Install another network card.


----------



## Squashman (Apr 4, 2003)

frasersales-ltd said:


> What I'm trying to find out is how to add more LAN IP's to the same machine.


That is just wrong. IIS has the capability to host multiple domains with one IP address. Why you would want to do what you are doing is beyond me. That makes no sense.

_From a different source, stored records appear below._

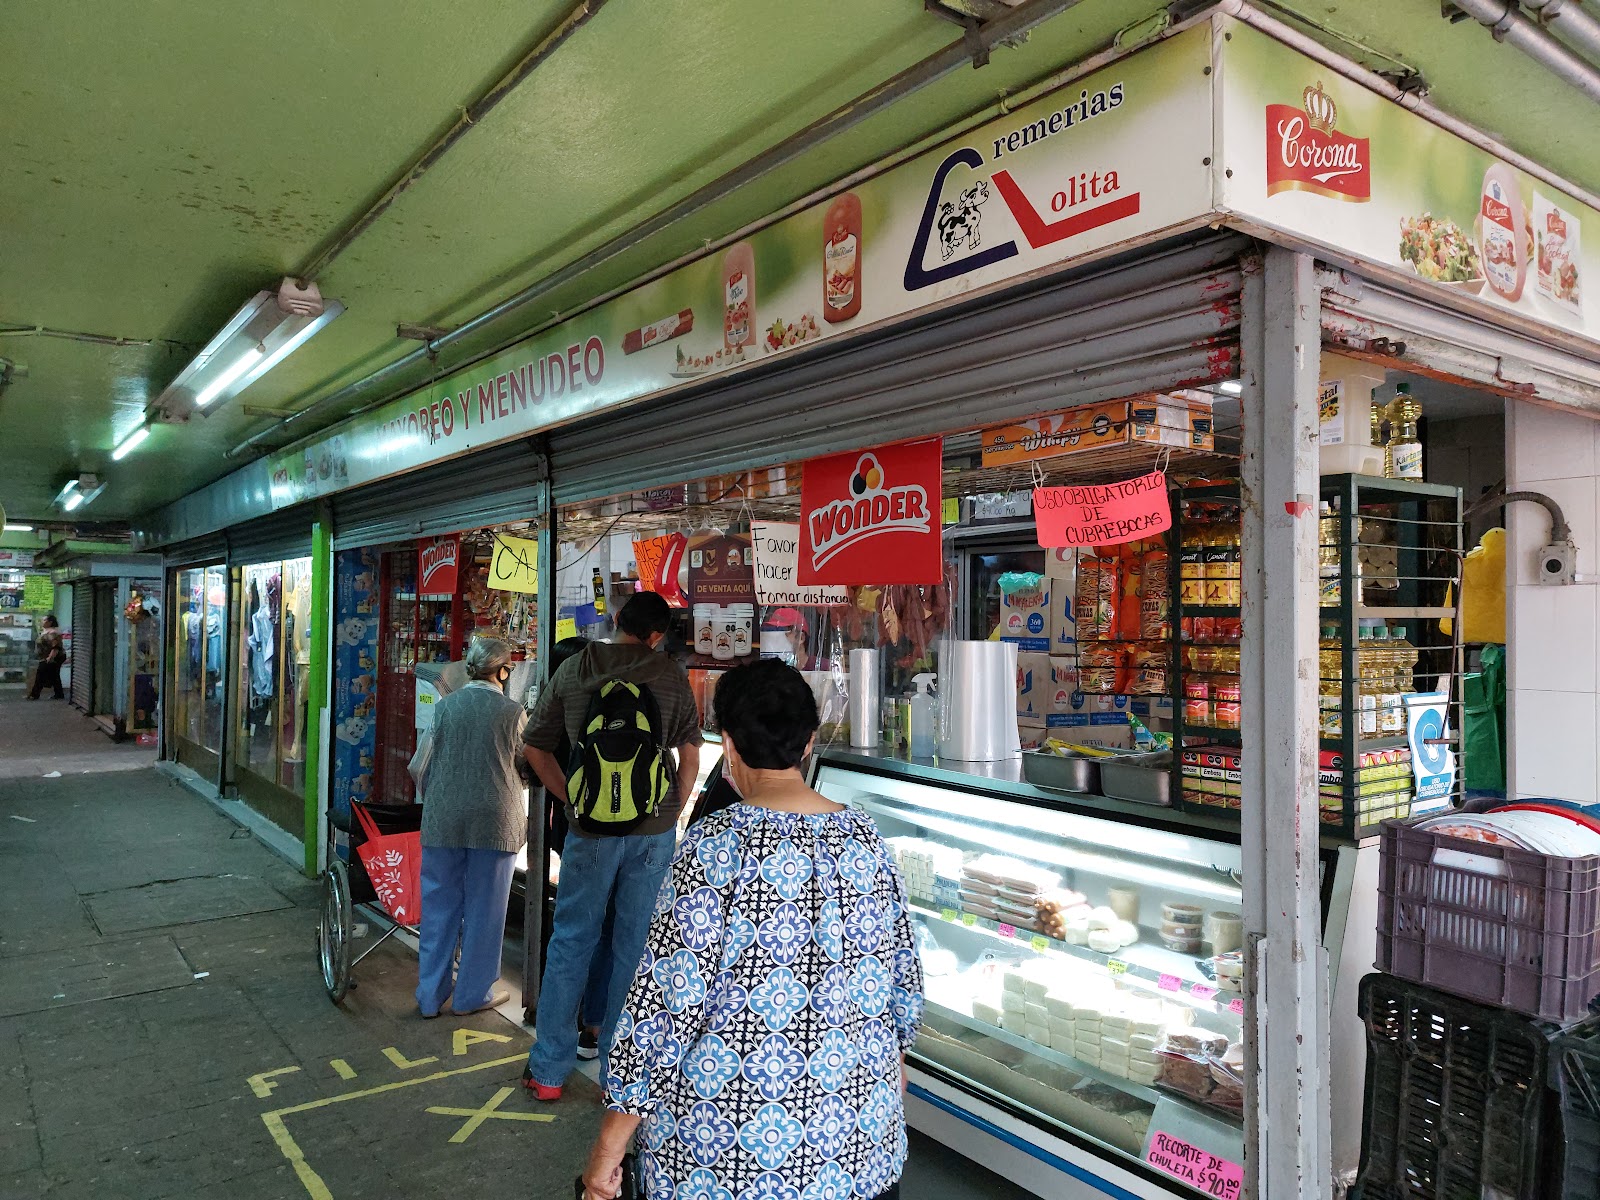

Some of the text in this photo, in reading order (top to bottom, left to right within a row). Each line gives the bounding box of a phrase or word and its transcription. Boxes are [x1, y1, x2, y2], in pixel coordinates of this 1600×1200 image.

[1277, 116, 1363, 183] Corona
[458, 388, 473, 430] Y
[478, 335, 605, 425] MENUDEO
[1320, 385, 1338, 402] stal
[1063, 473, 1164, 506] OBLIGATORIO
[811, 490, 924, 548] WONDER
[1065, 511, 1163, 544] CUBREBOCAS
[1080, 506, 1109, 522] DE
[752, 527, 798, 554] Favor
[422, 541, 456, 574] WONDER
[756, 556, 793, 580] hacer
[697, 582, 751, 594] DE VENTA AQUÍ
[757, 584, 801, 604] tomar
[1182, 766, 1198, 774] mbasa
[246, 1028, 514, 1098] FILA
[1149, 1151, 1194, 1181] CHULETA
[1157, 1133, 1224, 1172] RECORTE DE

The answer you are looking for is a pretty darn easy google search: windows multiple ip addresses
http://www.itsyourip.com/networking/how-to-add-multiple-ip-address-in-windows-2000xp2003/


----------



## fk-wholesale-ltd (Nov 19, 2011)

The only way I could get all 3 websites working on the local computer was by using the same IP with 3 different ports. I've tried to use the websites with the localhost address with each having a different port. What's the correct way to do this? Would I add 2 more LAN IP's to the computer and then make 3 local sub domains on the hosts file? The file would look like this:-

192.168.0.10 test.domain1.com
192.168.0.11 test.domain2.com
192.168.0.12 test.domain3.com


----------



## Squashman (Apr 4, 2003)

I bet if you searched the Internet for a tutorial on: *IIS host multiple domains* you would find what you need.

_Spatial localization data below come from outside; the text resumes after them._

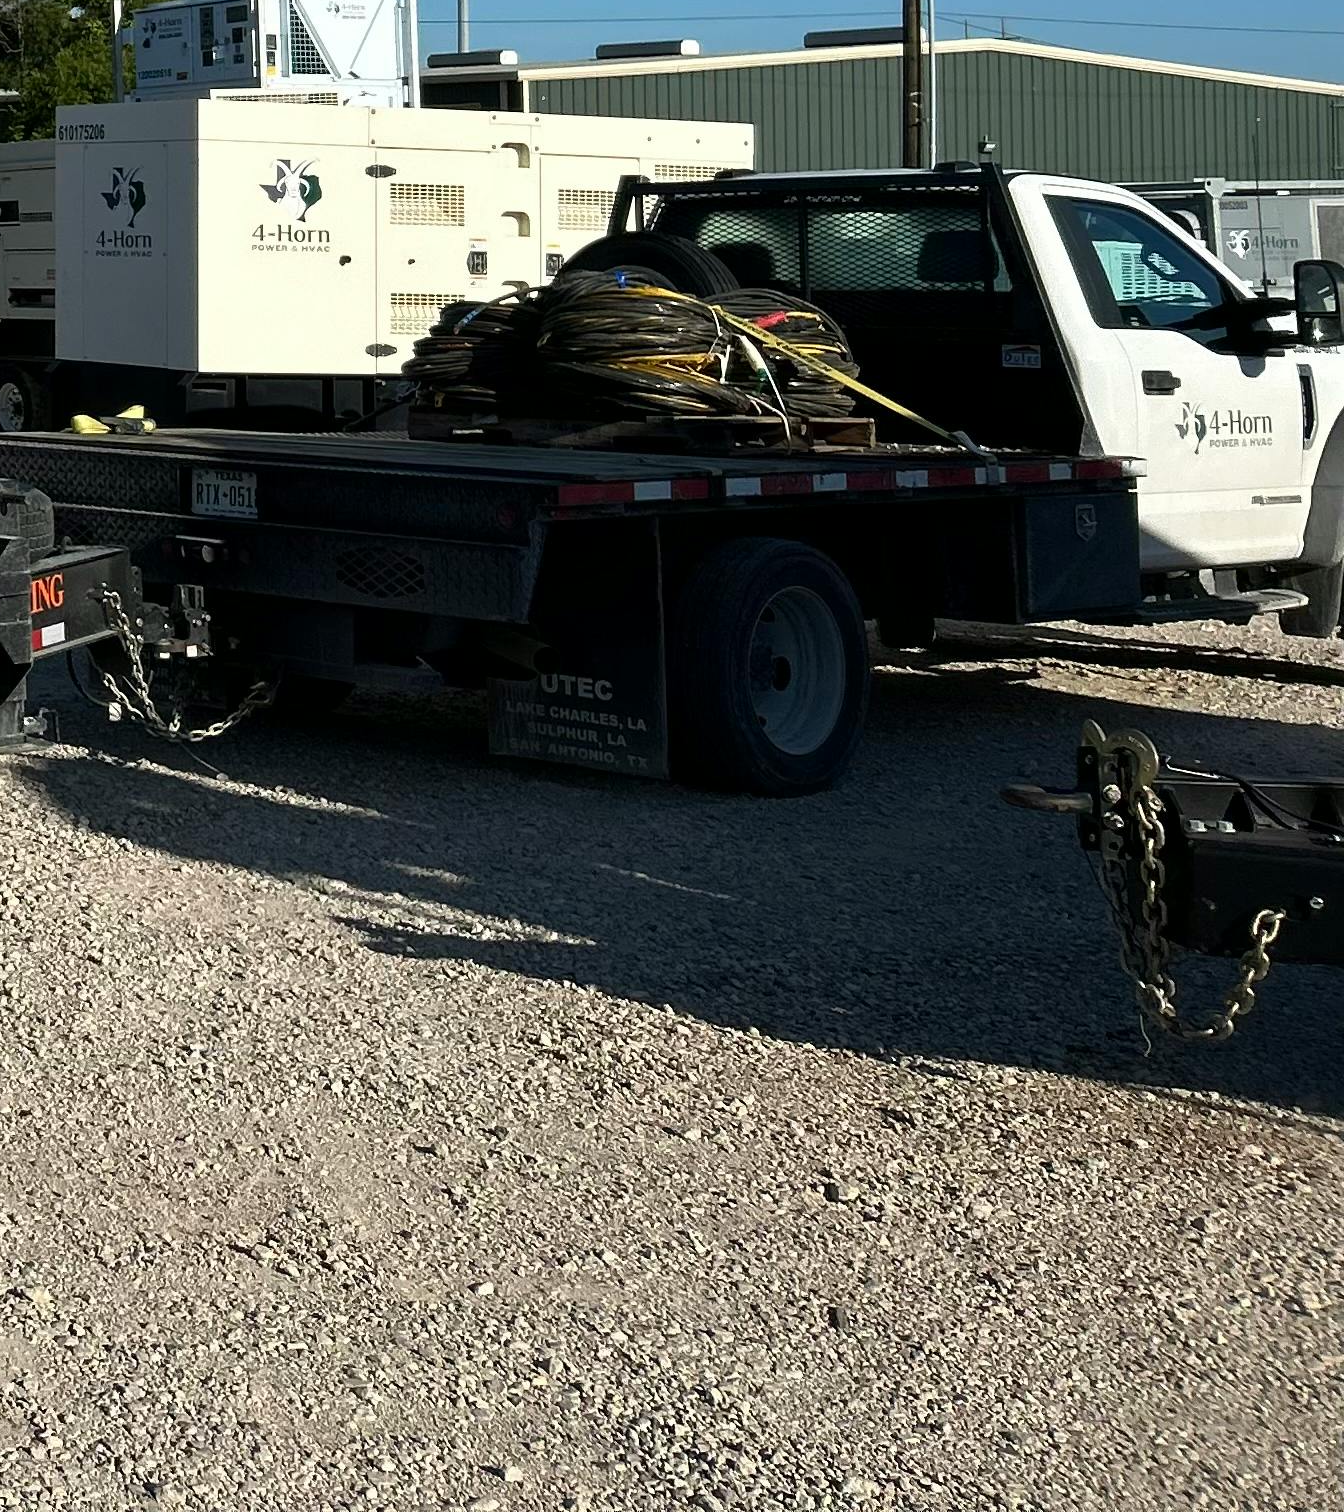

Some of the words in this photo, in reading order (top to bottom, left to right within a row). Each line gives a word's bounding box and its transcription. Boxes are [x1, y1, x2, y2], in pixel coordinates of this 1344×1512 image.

[58, 124, 105, 140] 610175206
[96, 230, 152, 248] 4-Horn
[252, 224, 330, 243] 4-Horn
[1252, 235, 1299, 249] 4-Horn
[1209, 409, 1273, 435] 4-Horn
[1210, 439, 1239, 448] POWER
[1250, 438, 1273, 447] HVAC
[215, 472, 243, 482] TEXAS
[196, 483, 257, 509] RTX-051
[30, 572, 64, 614] ING
[506, 700, 546, 716] LAKE
[550, 706, 623, 730] CHARLES,
[627, 717, 647, 731] LA
[528, 722, 602, 748] SULPHUR,
[607, 733, 627, 747] LA
[510, 738, 540, 753] SAN
[547, 744, 620, 767] ANTONIO,
[627, 754, 648, 769] TX

Doing this with multiple lan ip addresses attached to your nic is just not the right way to do this. Especially since you only have one IP address from your internet provider.


----------



## fk-wholesale-ltd (Nov 19, 2011)

If I'm going to use host headers then I'll need 3 IP addresses. Should I use 3 static IP's?


----------



## fk-wholesale-ltd (Nov 19, 2011)

I think Squashman you've misunderstood what I was saying. The live websites are on a server using the host headers and all with port 80. It's the test websites on a desktop computer that I'm meaning.


----------



## grondie (Jan 30, 2003)

You can accomplish this with either a single ip using headers on port 80, or just assigning multiple static ip's to your desktop and giving each site it's own ip without the need for headers (see squashman's post for how to do assign multiple ip's to your desktop).


----------



## fk-wholesale-ltd (Nov 19, 2011)

What's the benefits for having the websites with their own static IP's? Is it worth paying the ISP more money for the static IP's?


----------



## TechieNow (Jun 27, 2012)

That is impossible. Even at the server side, i't cannot be done and they also want to host their multiple website to different IP so it could create a diversity, but still can't be done as of now, that's why i think having mutiple IP on a client side would be far out impossible.


----------